The big four music labels - Universal, Sony, Warner and EMI - are apparently planning to record a new digital album format called CMX which, it is claimed, will include songs, lyrics, videos, liner notes and artwork.
The project resembles (and will compete with) Apple's own album project, codenamed Cocktail and ironically carries the same file extension as Apple Viewer. Both formats are expected to be launched by the end of the year and aim to increase the attractiveness of album downloads.
The idea of an "enhanced album format" was first proposed to Apple in 2007 by the four labels but Apple decided to go its own way and Cocktail was born (Apple is also expected to launch a 10-inch tablet at the same time to take advantage of the new file format).

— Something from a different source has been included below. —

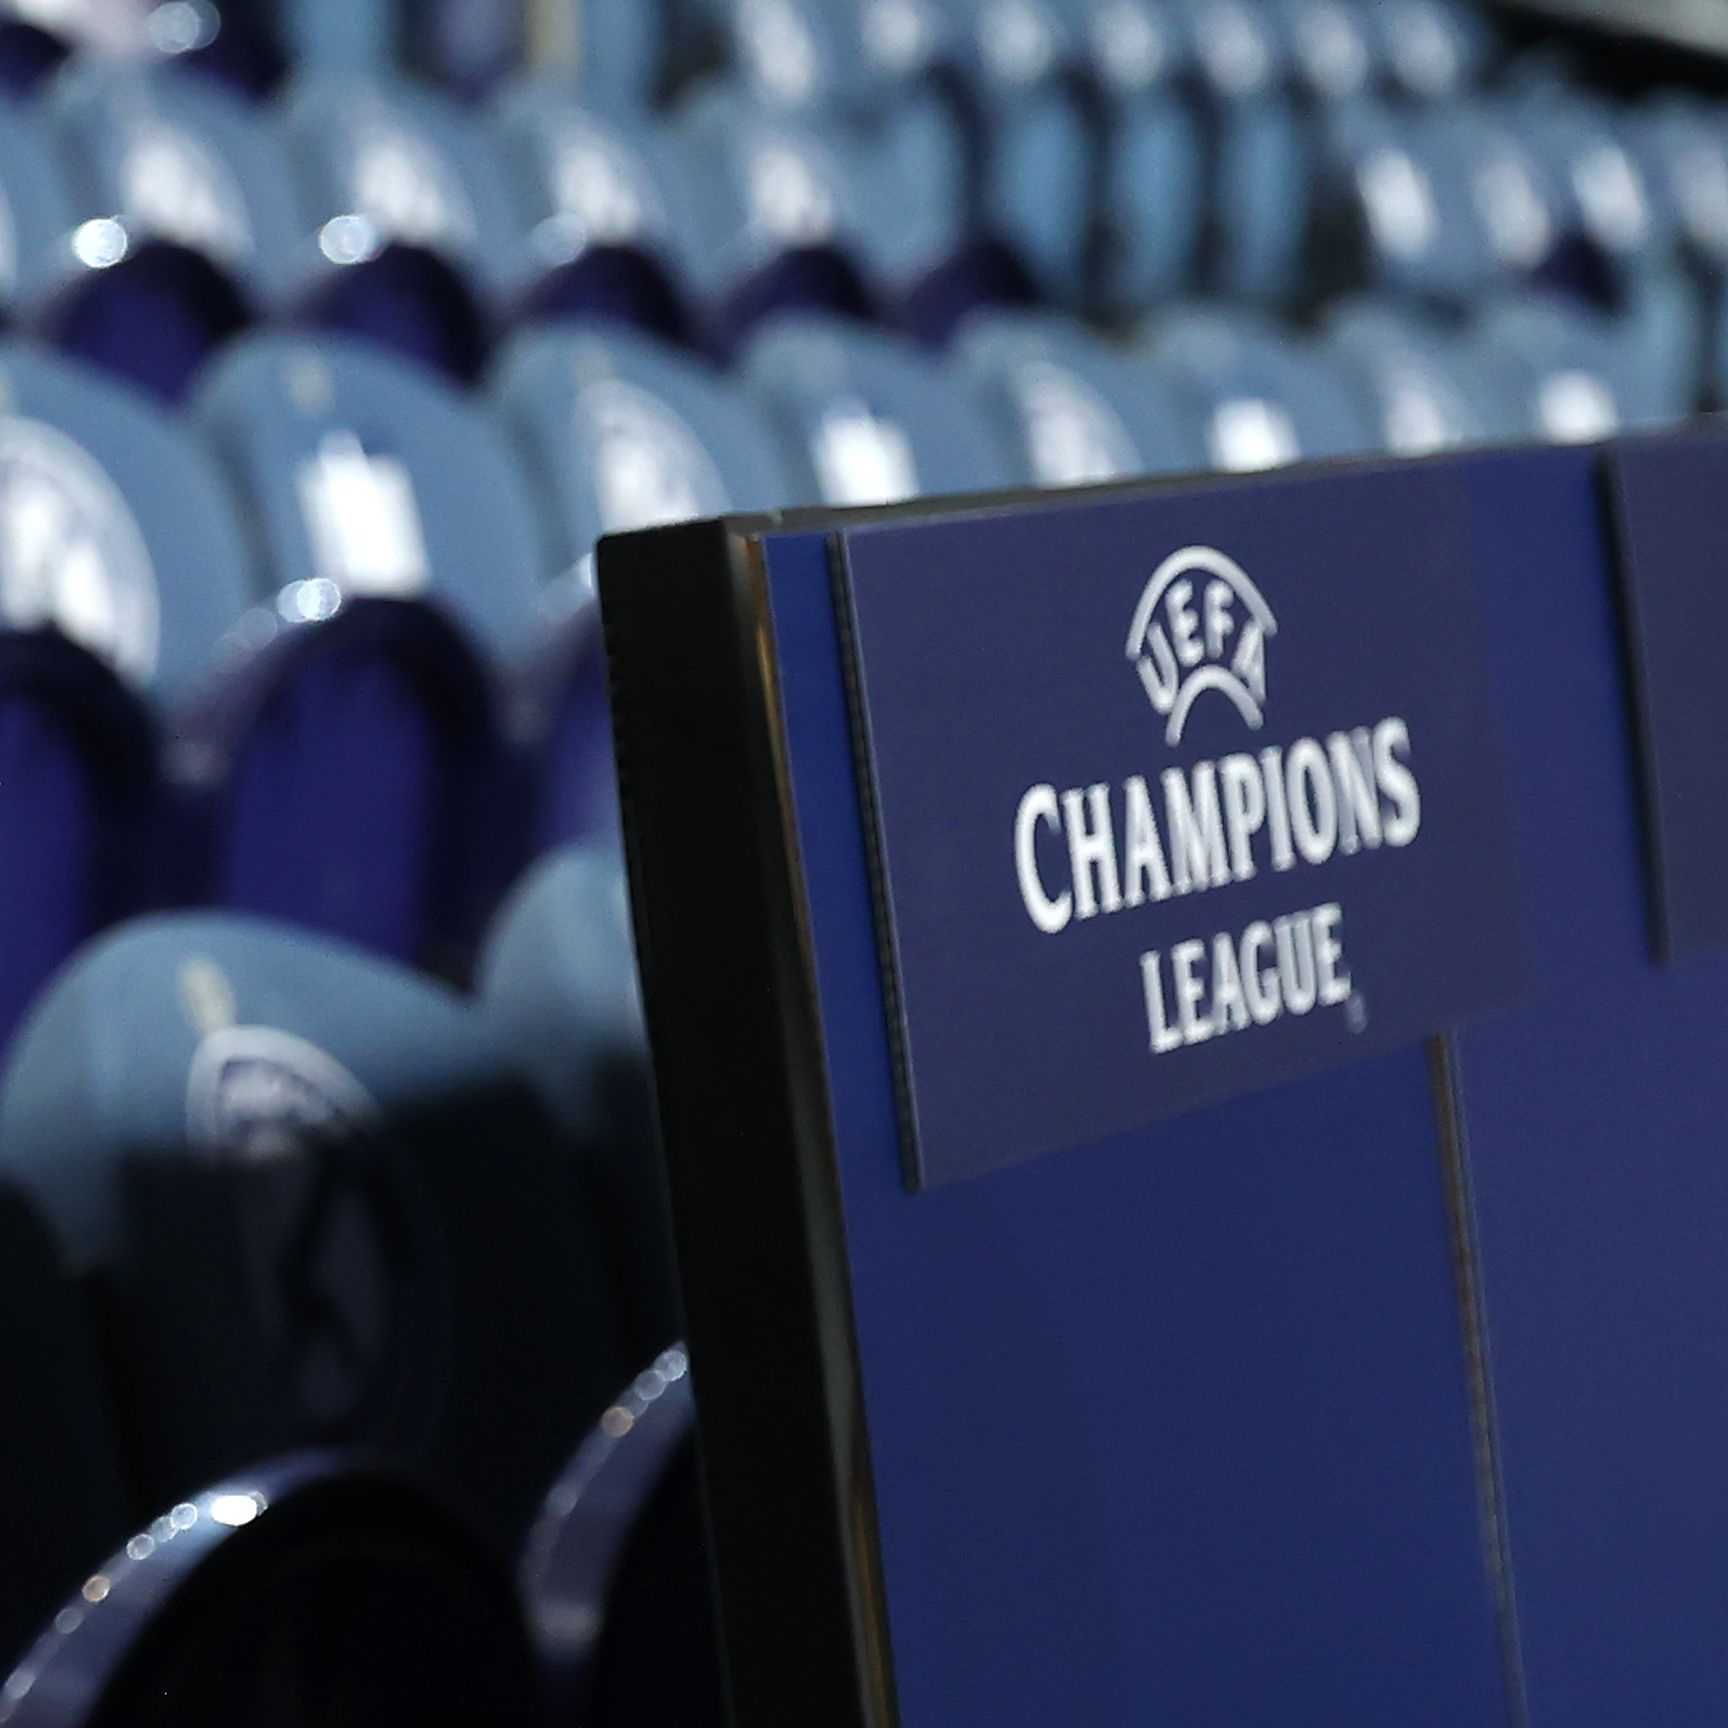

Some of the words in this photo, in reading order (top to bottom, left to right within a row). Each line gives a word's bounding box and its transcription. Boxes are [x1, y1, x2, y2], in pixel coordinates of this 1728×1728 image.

[1137, 578, 1267, 715] UEFA
[1014, 716, 1422, 934] CHAMPIONS
[1140, 902, 1352, 1054] LEAGUE

The main dissenting point was the fact that Apple wanted to allow consumers to choose which songs go into an album whereby record companies were stuck with the idea that an album's content had to remain fixed.
Labels are convinced that customers are willing to pay more for extras such as an interactive booklet, sleeve, interviews, clips or short video footage similar to the way DVD bonus works.
A label executive even told the Independent that "Almost every time we've sold product with extras at a premium price it outsells the normal priced product". Cynics will say that now that the recording companies can't squeeze more juice out of their customers, they need to find another trick.
The big problem that the labels will be facing as well is the fact that Apple controls more than 70 percent of the music market in the US and according to their own figures, 13 percent of all music worldwide, making it a player that simply cannot be ignored.